MPW Insider is an online community where the biggest names in business and beyond answer timely career and leadership questions. Today’s answer for: What is the biggest leadership lesson you’ve learned in the past year? is written by Sophie Kelly, CEO of The Barbarian Group.

The biggest lesson I have learned in the past year relates to talent: how to find the best, how to motivate, how to incentivize and how to provide flexibility in a time when we are all connected 24/7. In short, figuring out how to make new ways of working pay off for our talent and for our company’s bottom line. It’s no secret we are in the middle of a seismic shift in the workplace. According to a Quartz article, approximately 40% of the United States workforce will be freeelancers by 2020. We don’t need to wait for the future though; success has already started to look different, and it no longer means being chained to a desk all day.

Today, employees require progressive and adjustable work arrangements to accommodate for their various situations. From global specialists to remote workers and new parents, each individual requires something different to succeed. I’ve learned that leaders must be flexible and willing to change the rules of engagement, in order to continue attracting top talent and move their business forward.

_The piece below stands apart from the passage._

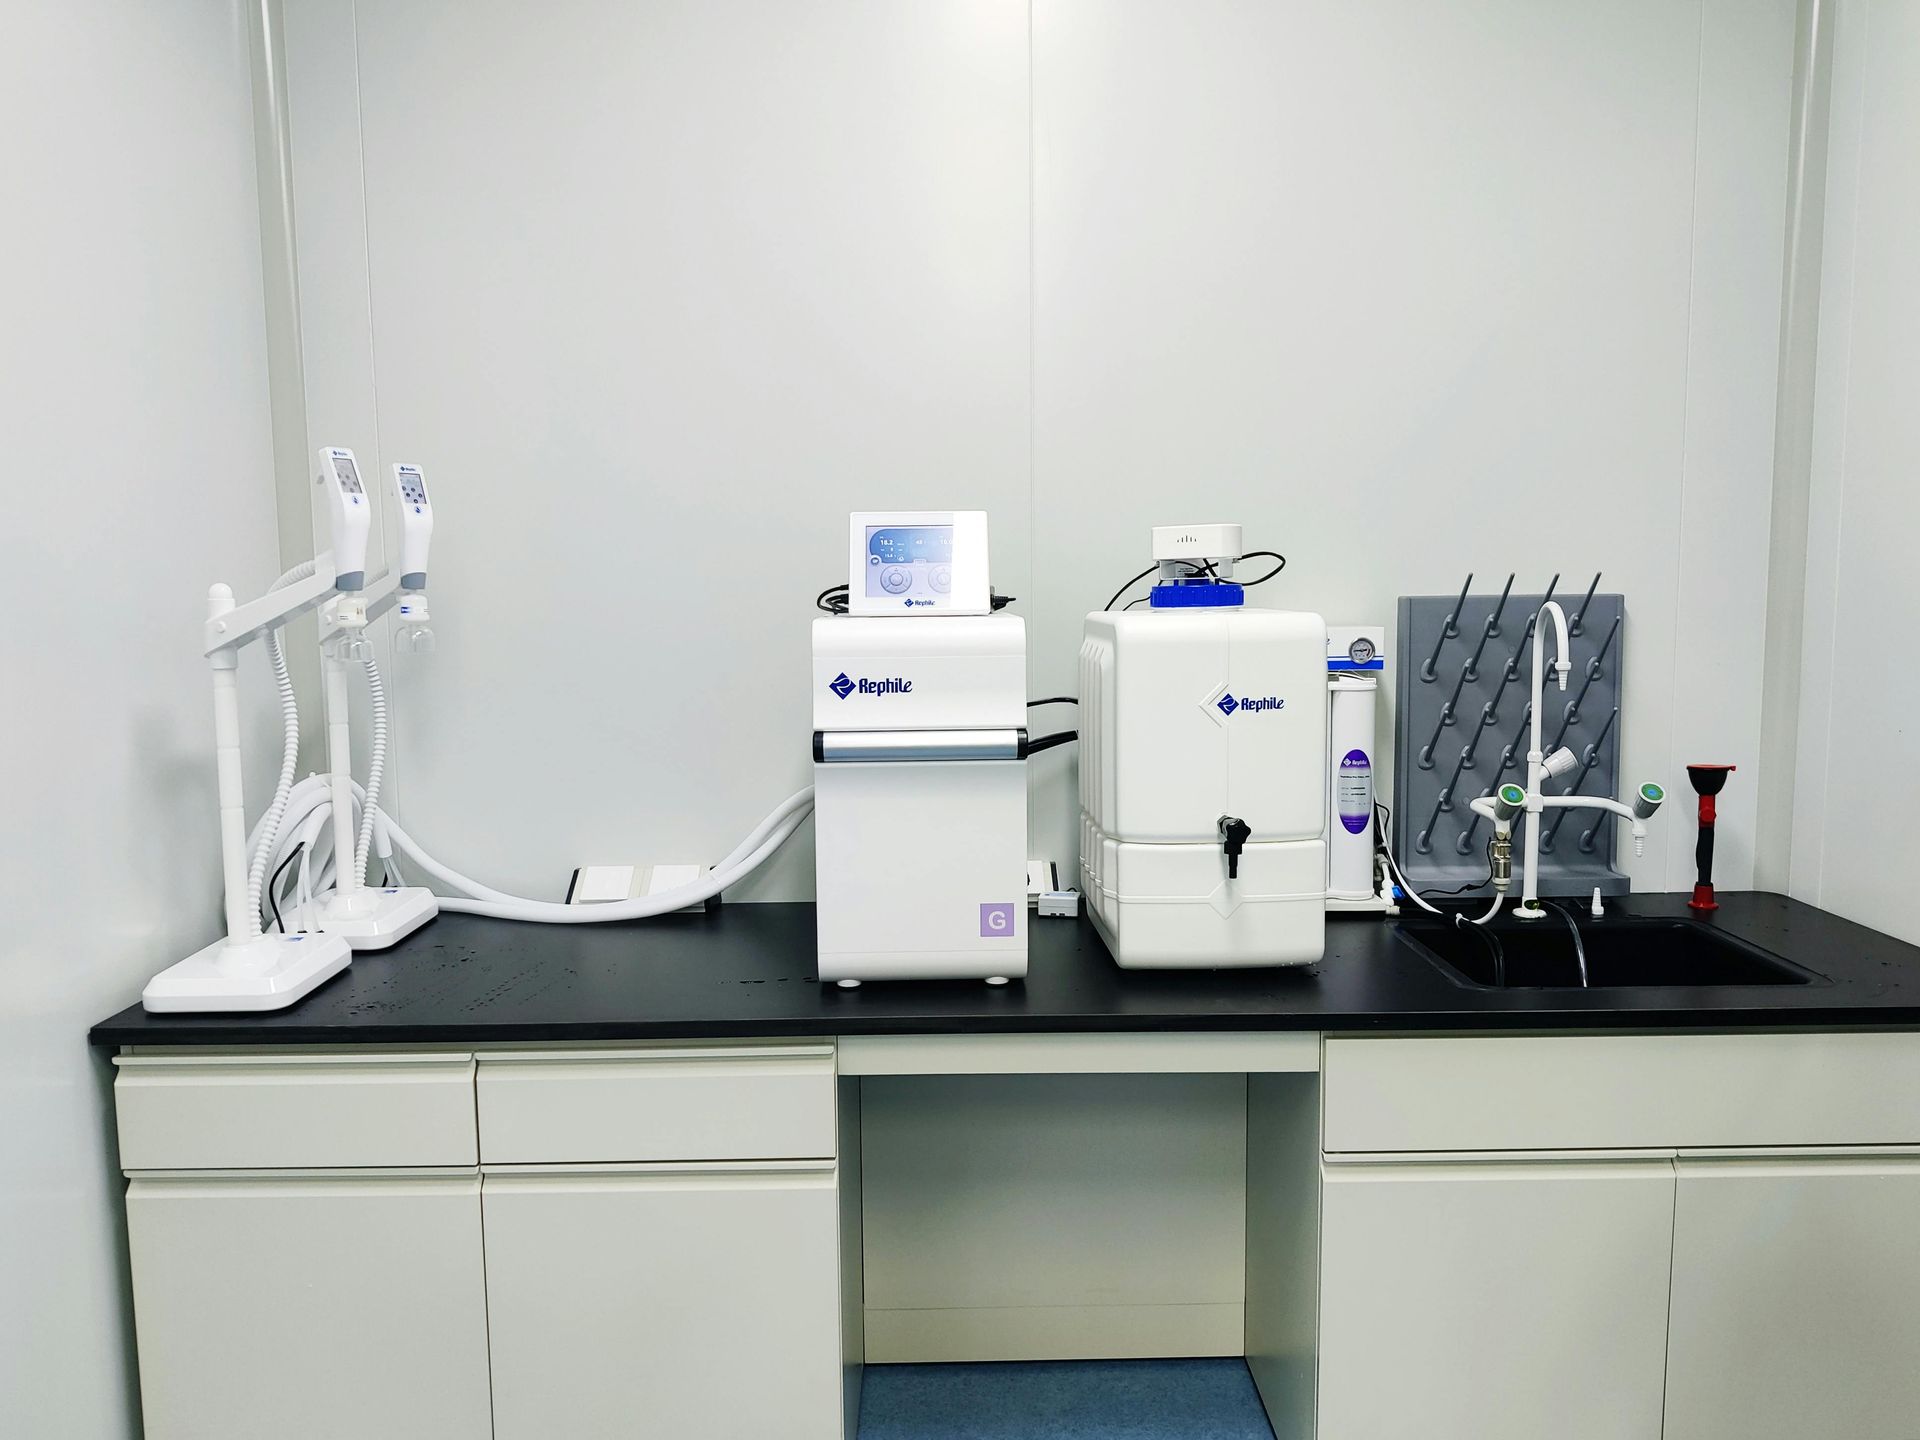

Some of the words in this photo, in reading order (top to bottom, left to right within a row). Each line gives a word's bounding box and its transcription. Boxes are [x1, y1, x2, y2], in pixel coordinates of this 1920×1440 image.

At the Barbarian Group’s New York office, we have a “superdesk” also known as the world’s largest desk at 4,400 square feet that seats all 125 employees. The idea behind a desk that seats everyone is creating an atmosphere where collaboration isn’t just welcome, it’s a requisite. You need to use collaboration to arrive at new, innovative, and unique solutions and ideas. It’s how you create a revolutionary company, and it starts with your office space.

See also: The reason so many executives fail at leading teams

Our home office is in New York, but due to the nature and types of business challenges we solve for our clients, we have employees who operate from multiple time zones. This allows us to tap into niche skill sets, particularly in the realm of coding. We even have employees that once worked from the office but now work remotely for personal reasons: family, relationships, etc. Because they proved themselves indispensable to the team, I was willing to be flexible and do whatever it took to make them stay.

I’m not saying there is a one-sized-fits-all approach, but in order to retain top talent sometimes creativity is required from the employer. And just as much flexibility is required from the employee. Working autonomously requires a certain personality type; a self-starter who can take direction and use technology as a multiplier to succeed. In return, we meet our staff halfway and provide the necessary infrastructure employees need to reach their goals — from hangouts to off-site meetings to collaborative software, like Slack.

Within the last year, we’ve had quite a few new parents which has required additional sensitivity to their individual needs. Becoming a parent is a huge, life-changing event, and I believe a modern workplace needs to be empathetic to remain highly operational. For example, our San Francisco-tech director who works from home has very different requirements than our NYC-based full-time account director, who is also a new parent. To help make things a bit easier, we offer generous maternity and paternity leave and flexible hours for employees.

Additionally, we recruit globally. Our clients are from around the world, and our thinking needs to reflect that. For example, one of our developers has come to work with us from Amsterdam for 18 months. His outside knowledge and understanding has strengthened the agency immensely. A variety of perspectives is necessary for success which is why we have also hired media and distribution strategists from Mumbai, creatives from Sweden and account managers from Korea.

Finally, it is important to note that in many industries work inevitably bleeds into life and vice versa. As a leader, I’ve recognized that one of my many duties is to empower the high performers be be productive and achieve a holistic life. Our company strives to give our talent the tools and empathy that inspires and enables them to create truly awesome work despite outside constraints. So even though not all of our employees can sit at the “superdesk”, they are still excited to come to work.